Creation Through Asteroid Fragmentation
The vast majority of meteoroids originate in the main Asteroid Belt, a crowded region between the orbits of Mars and Jupiter. Larger asteroids occasionally collide at high relative velocities, often around 5 kilometers per second. These catastrophic impacts shatter the parent bodies into countless smaller fragments, which become meteoroids.
These fragments, grouped into asteroid families, are initially confined to the main belt. Over long timescales, a subtle force known as the Yarkovsky effect modifies their orbits. This effect is a thermal radiation force caused by the uneven heating and cooling of a rotating object’s surface. The delayed re-emission of solar energy creates a tiny, continuous thrust that slowly changes the meteoroid’s orbital path.

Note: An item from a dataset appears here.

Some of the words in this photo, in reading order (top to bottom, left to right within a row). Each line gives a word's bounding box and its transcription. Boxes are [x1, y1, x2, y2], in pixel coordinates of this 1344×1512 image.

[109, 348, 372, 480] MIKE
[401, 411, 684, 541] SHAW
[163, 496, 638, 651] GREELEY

For meteoroids smaller than about 20 kilometers, this thermal push causes their orbits to slowly drift inward or outward. This gradual drift can push the fragments into gravitational resonances with Jupiter. Once in these chaotic resonance zones, the meteoroid’s orbit is rapidly destabilized, flinging it out of the main belt and into the inner solar system. The Yarkovsky effect is the primary delivery mechanism transporting asteroid-derived meteoroids to Earth-crossing orbits.
Debris Shed from Comets
Meteoroids also form from comets, which are composed of frozen volatiles, dust, and rock. This process differs fundamentally from the violent collisions in the asteroid belt. As a comet travels toward the Sun, solar heat causes its icy components to change directly into gas, a process called sublimation.

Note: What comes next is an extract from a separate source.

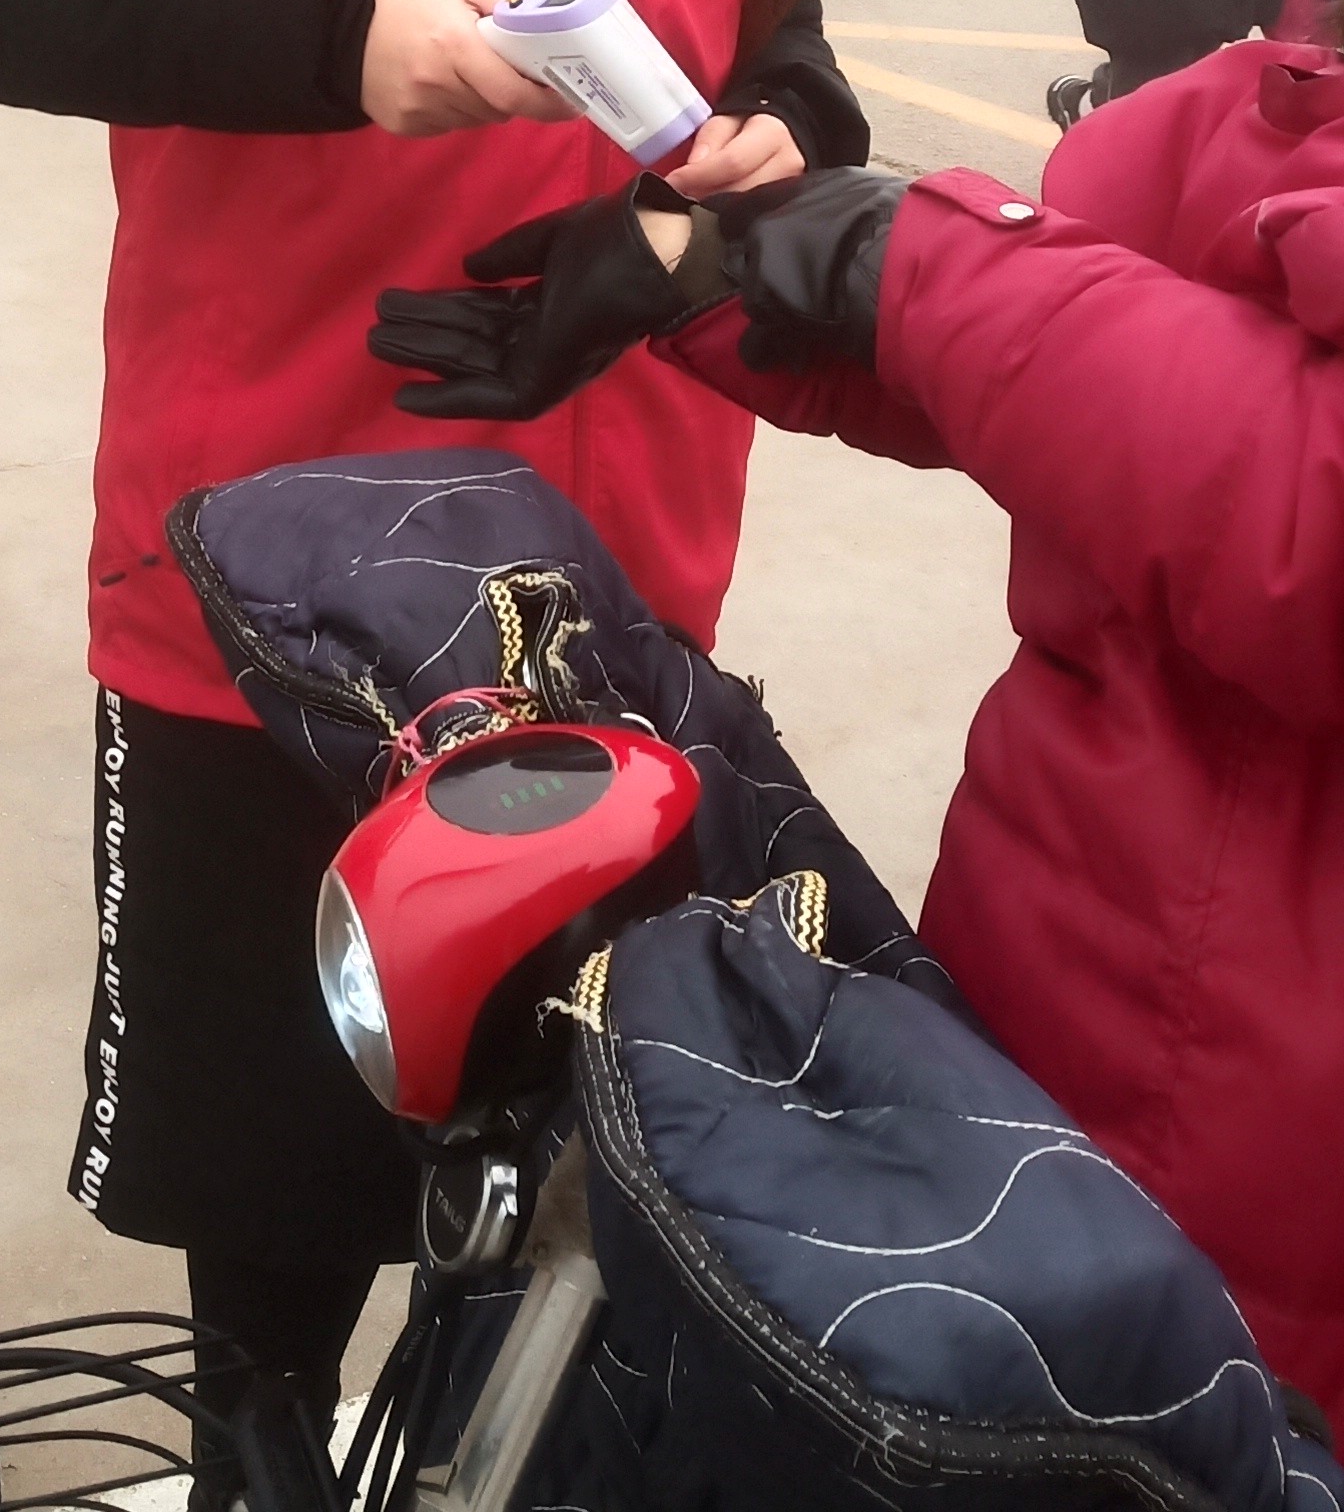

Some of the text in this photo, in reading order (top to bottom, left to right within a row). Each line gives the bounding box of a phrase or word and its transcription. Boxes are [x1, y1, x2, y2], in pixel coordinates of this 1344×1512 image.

[104, 688, 130, 795] ENJOY
[101, 798, 127, 948] RUNNING
[102, 952, 130, 1036] JUST
[93, 1038, 120, 1147] ENJOY

This outgassing carries embedded dust and rock particles away from the comet’s nucleus. These released solid fragments travel along the comet’s orbital path, forming a diffuse trail of debris. When Earth’s orbit intersects one of these dust trails, the particles enter the atmosphere, creating a meteor shower.
Cometary meteoroids are typically less dense and more loosely bound than those from asteroids. They are often referred to as “dustballs” because they are porous agglomerations of grains held together by weak forces. This thermal-release mechanism supplies material to the interplanetary dust cloud, which is the source of many annual meteor showers, such as the Perseids and Leonids.

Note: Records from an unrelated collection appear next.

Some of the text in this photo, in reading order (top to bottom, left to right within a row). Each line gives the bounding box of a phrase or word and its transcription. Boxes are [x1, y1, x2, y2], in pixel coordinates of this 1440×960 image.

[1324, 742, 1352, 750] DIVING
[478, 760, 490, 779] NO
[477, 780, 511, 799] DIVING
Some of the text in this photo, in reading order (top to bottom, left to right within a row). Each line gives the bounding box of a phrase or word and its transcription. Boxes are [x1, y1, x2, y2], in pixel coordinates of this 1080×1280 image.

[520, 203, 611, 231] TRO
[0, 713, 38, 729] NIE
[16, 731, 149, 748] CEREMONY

Ejecta from Planetary Impacts
The rarest type of meteoroid forms from the surfaces of planets and moons through a process called impact ejection. This occurs when a large, high-velocity impactor, such as an asteroid, strikes a solid body like Mars or the Moon. The immense energy generates a shock wave that travels through the target rock.
If the impact is sufficiently powerful, the shock wave accelerates fragments of the planet’s surface material to speeds exceeding the body’s escape velocity. For example, material ejected from Mars must achieve a velocity greater than 5 kilometers per second to escape gravity. This material is launched into space and begins an independent journey as a meteoroid.
These meteoroids are identified as planetary in origin because they have the exact same chemical and isotopic signatures as their parent body. The existence of Martian and Lunar meteorites found on Earth is direct evidence that material can be transferred between celestial bodies.